■ **What is needed**: Restate the records below word for word, and omit the images they hold.

■ **Stored data**:
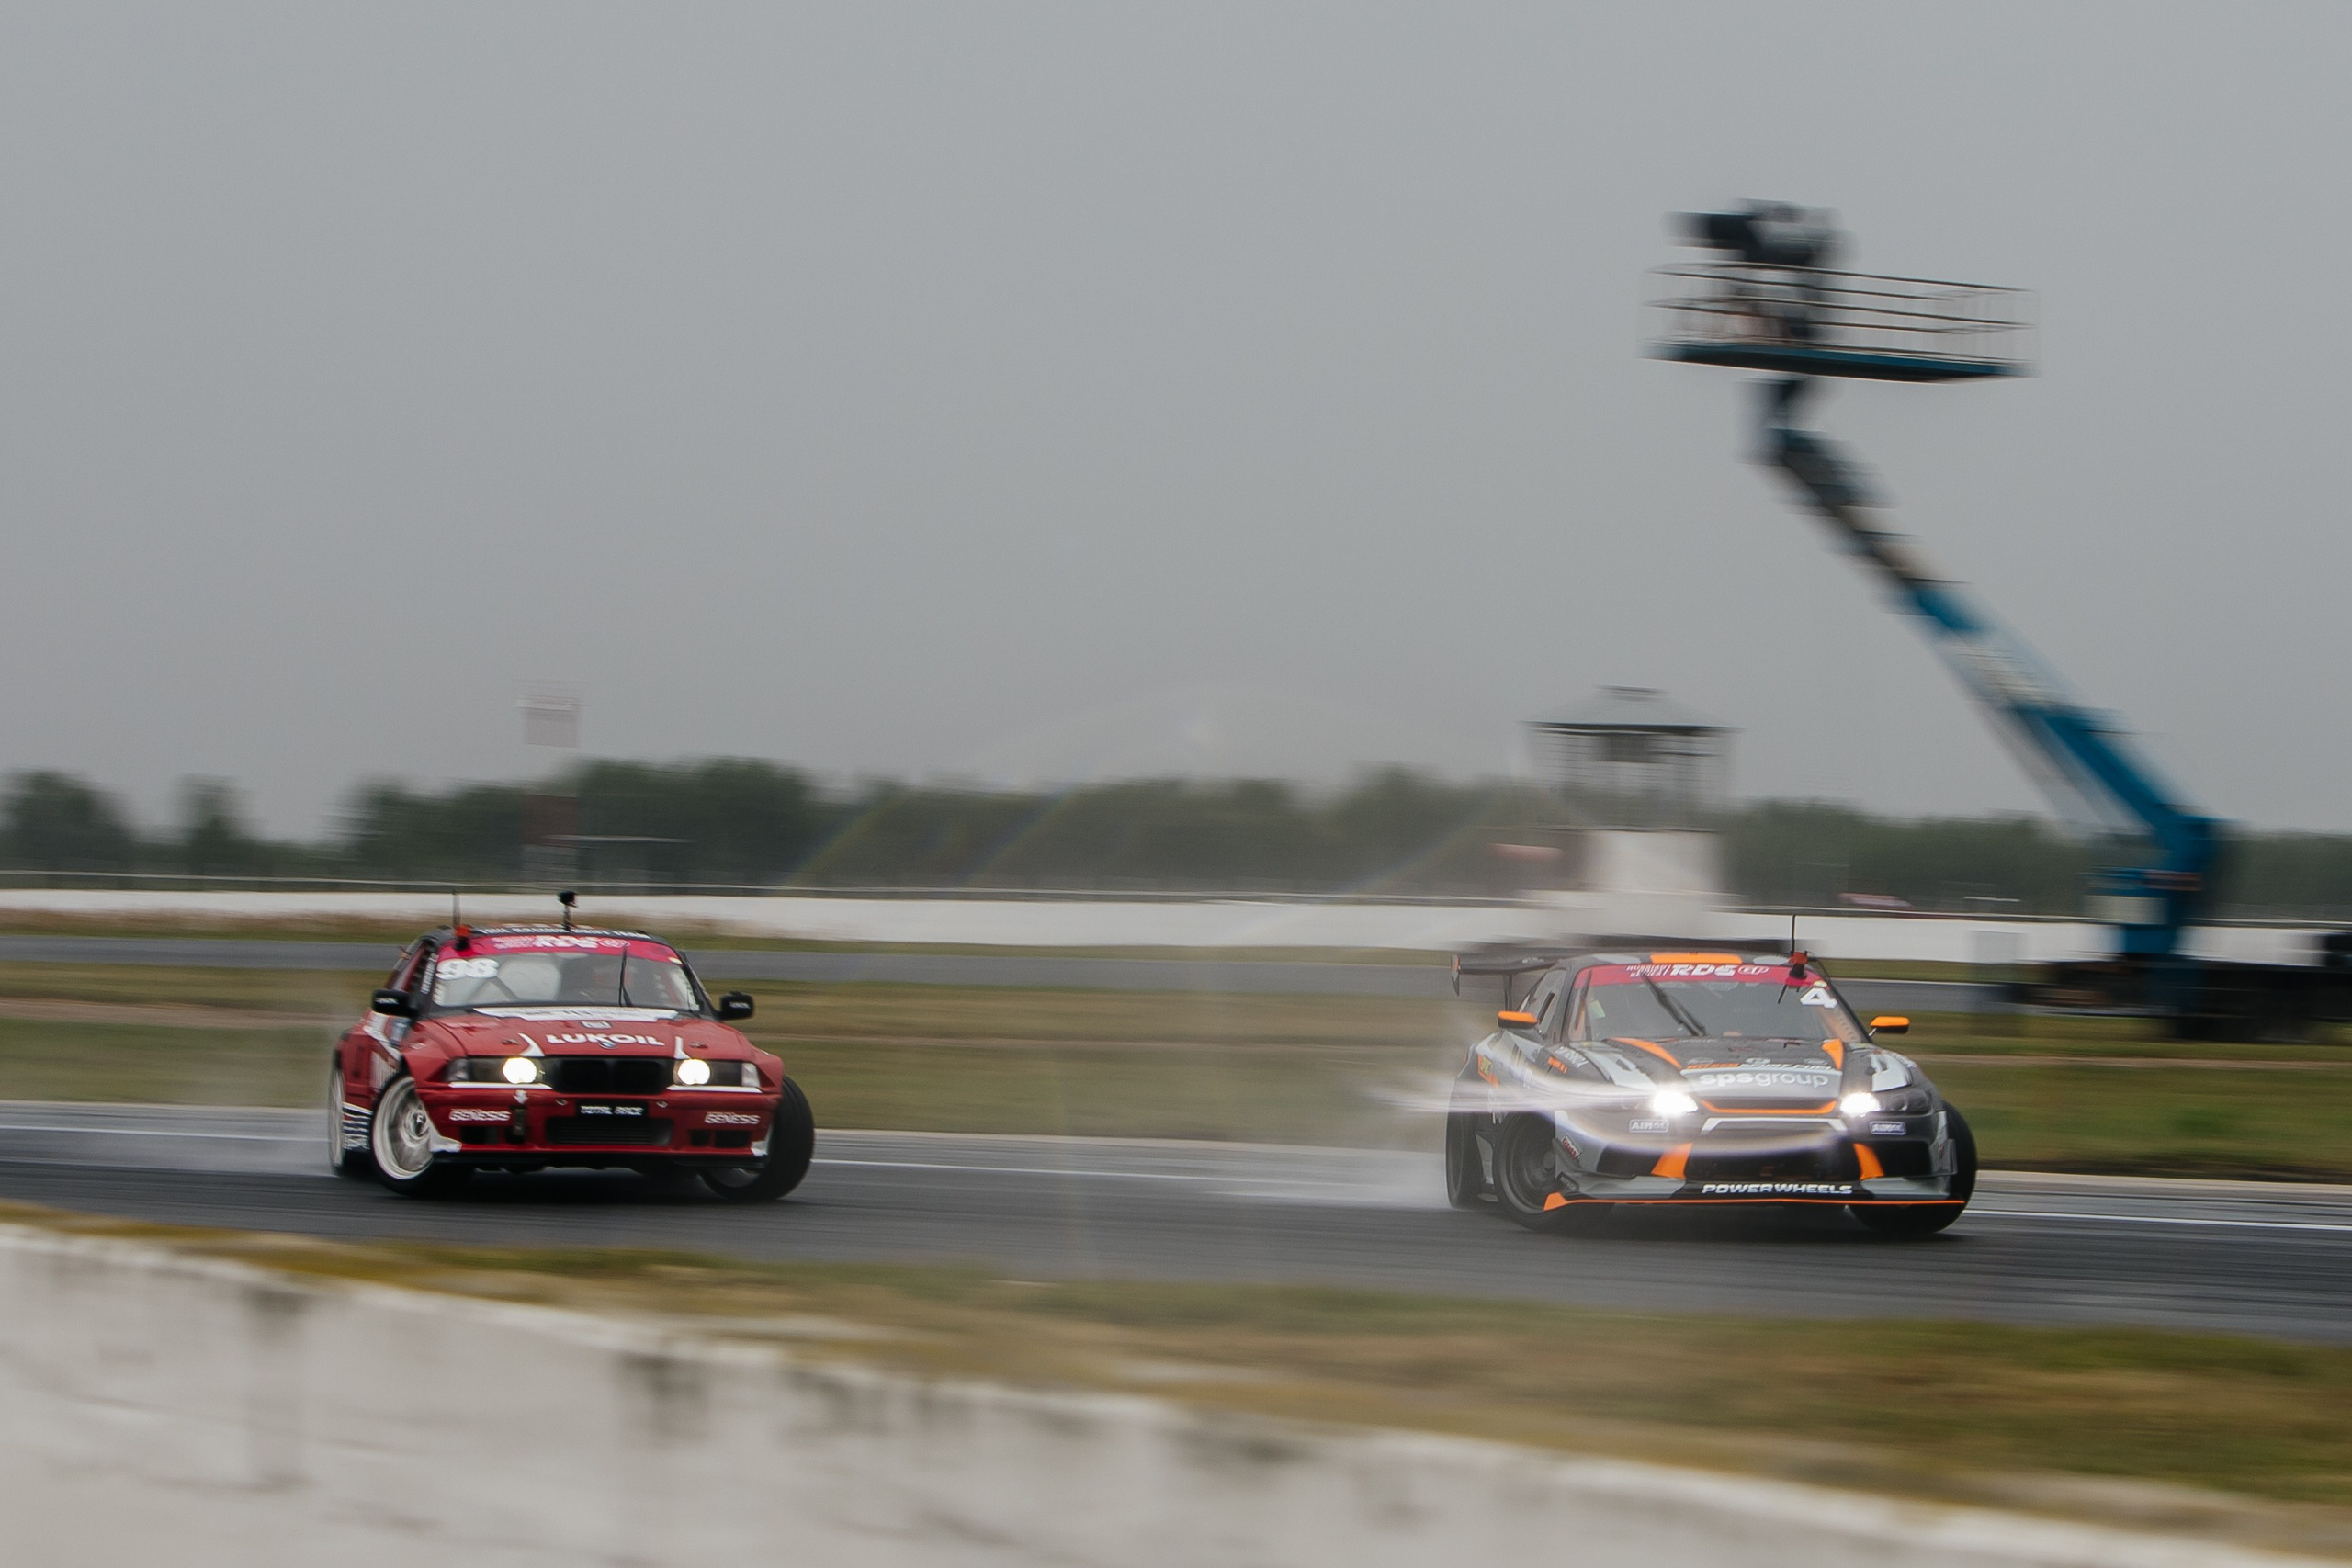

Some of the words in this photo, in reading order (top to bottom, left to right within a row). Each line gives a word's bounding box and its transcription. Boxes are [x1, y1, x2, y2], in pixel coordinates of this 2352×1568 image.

[435, 958, 500, 981] 98
[1670, 964, 1737, 976] RDS
[1799, 987, 1838, 1009] 4
[545, 1032, 665, 1046] LUKOIL
[1702, 1182, 1853, 1195] POWERWHEELS

■ **Response**:
Some of the words in this photo, in reading order (top to bottom, left to right within a row). Each line gives a word's bounding box and its transcription. Boxes are [x1, y1, x2, y2], in pixel coordinates of this 2352×1568 image.

[435, 958, 500, 981] 98
[1670, 964, 1737, 976] RDS
[1799, 987, 1838, 1009] 4
[545, 1032, 665, 1046] LUKOIL
[1702, 1182, 1853, 1195] POWERWHEELS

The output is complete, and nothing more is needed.